The total time from "decision to build X" to "X is in production" for a medium-sized feature: 4-6 hours for two people. Before AI tooling, this was 2-3 days.
The Daily Ritual#
Our daily shipping ritual:
- Morning standup (15 minutes): what are we building today?
- Build session (3-4 hours each): using the gstack workflow
- Code review (30 minutes): each person reviews the other's work
- Deploy (15 minutes): merge, CI passes, deploy
- Quick verification in production (5 minutes)
That's a workday with a ship at the end.
What Makes This Sustainable#
Daily shipping is sustainable when:
- The codebase has good test coverage (breaking changes get caught, not deployed)
- The deployment pipeline is fast (under 5 minutes to production)
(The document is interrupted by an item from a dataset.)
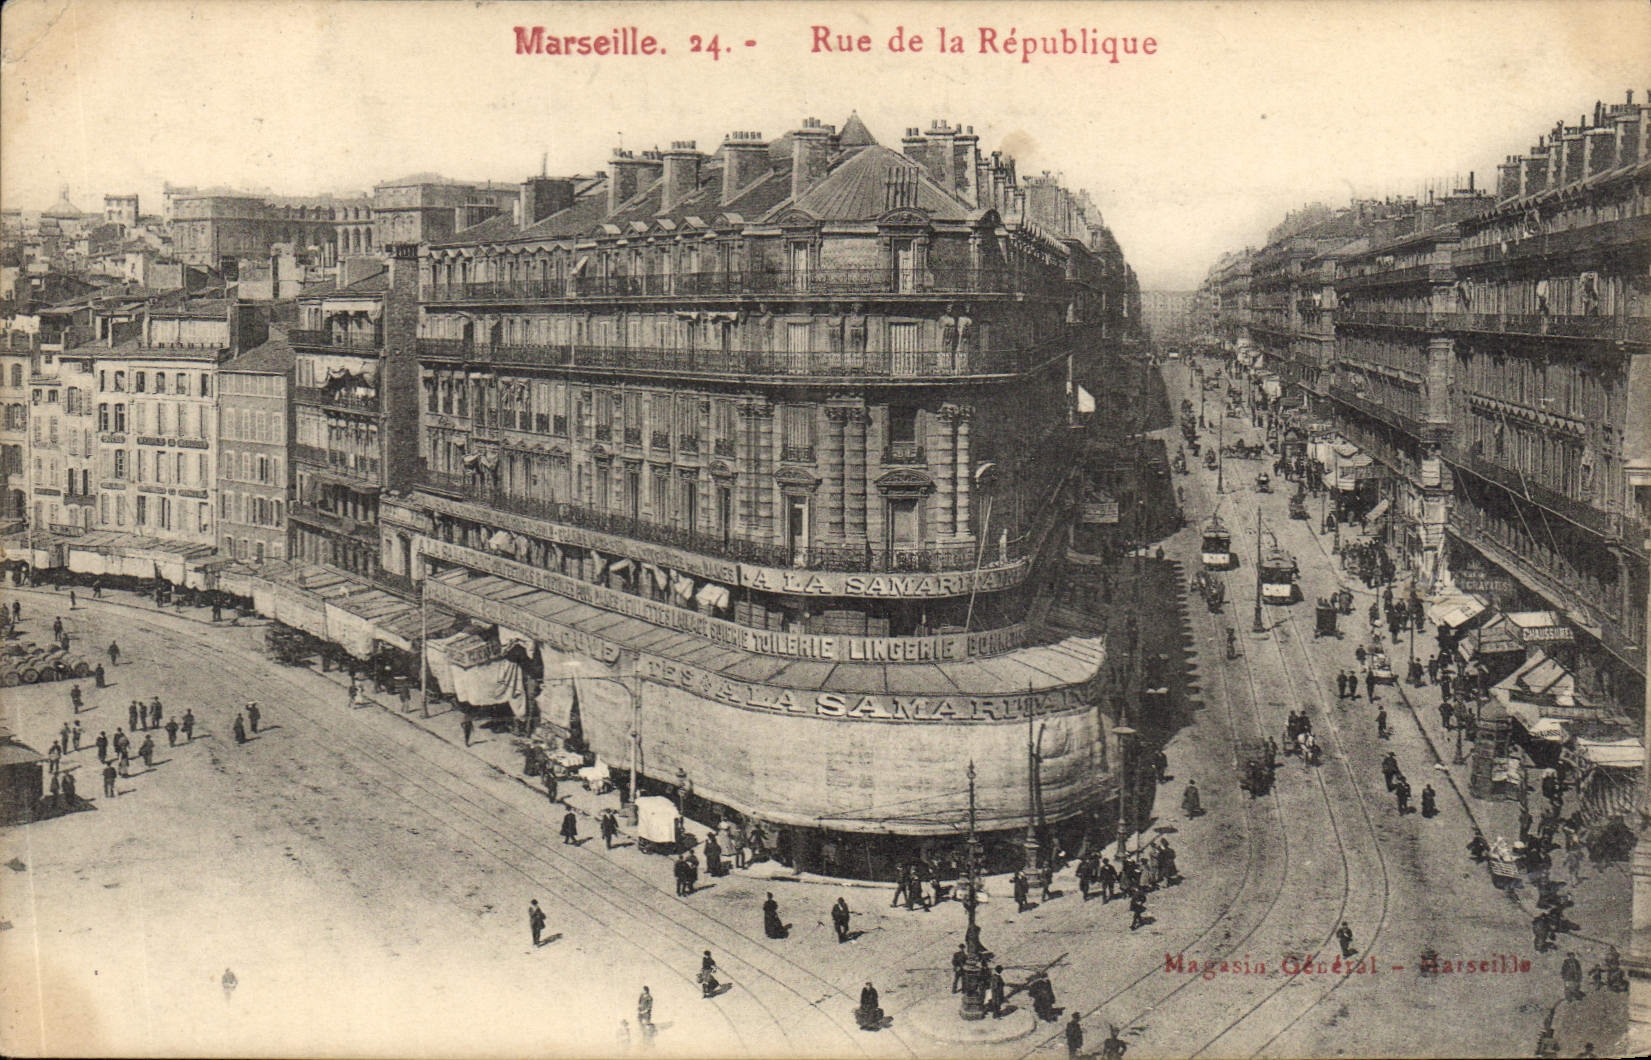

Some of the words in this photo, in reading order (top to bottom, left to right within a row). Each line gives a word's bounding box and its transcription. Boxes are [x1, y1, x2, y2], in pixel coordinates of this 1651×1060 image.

- Features are scoped small enough to complete in a day
The feature scoping is the hard discipline. It's easy to start building something that's "one more day" from done for a week. The practice of breaking features into one-day increments forces clarity about what's actually essential.
Ask: "What's the smallest version of this feature that's useful?" Ship that. Iterate.
Frequently Asked Questions#
How do you avoid shipping broken things?#
Tests + code review + manual verification before merge. The three layers catch different things. Tests catch regressions. Code review catches logic errors. Manual verification catches UX issues that don't manifest in tests.
What's the smallest useful thing to ship on a slow day?#
A documentation update. A fix to confusing error messages. A small UX improvement. A performance optimization. "No code changed" days are okay if you shipped documentation, but they should be rare.
How do you maintain daily shipping when you're in a fundraise?#
You don't always. Fundraising compresses your available building time significantly. The expectation should be weekly shipping at minimum during active fundraising, not daily. After the round closes, recover the daily cadence.
Does daily shipping conflict with deep technical work?#
For genuinely long refactors (migrating to a new data model, rearchitecting a core component), you ship the intermediate states. Each step of the migration is its own commit. This takes more planning but maintains the shipping cadence.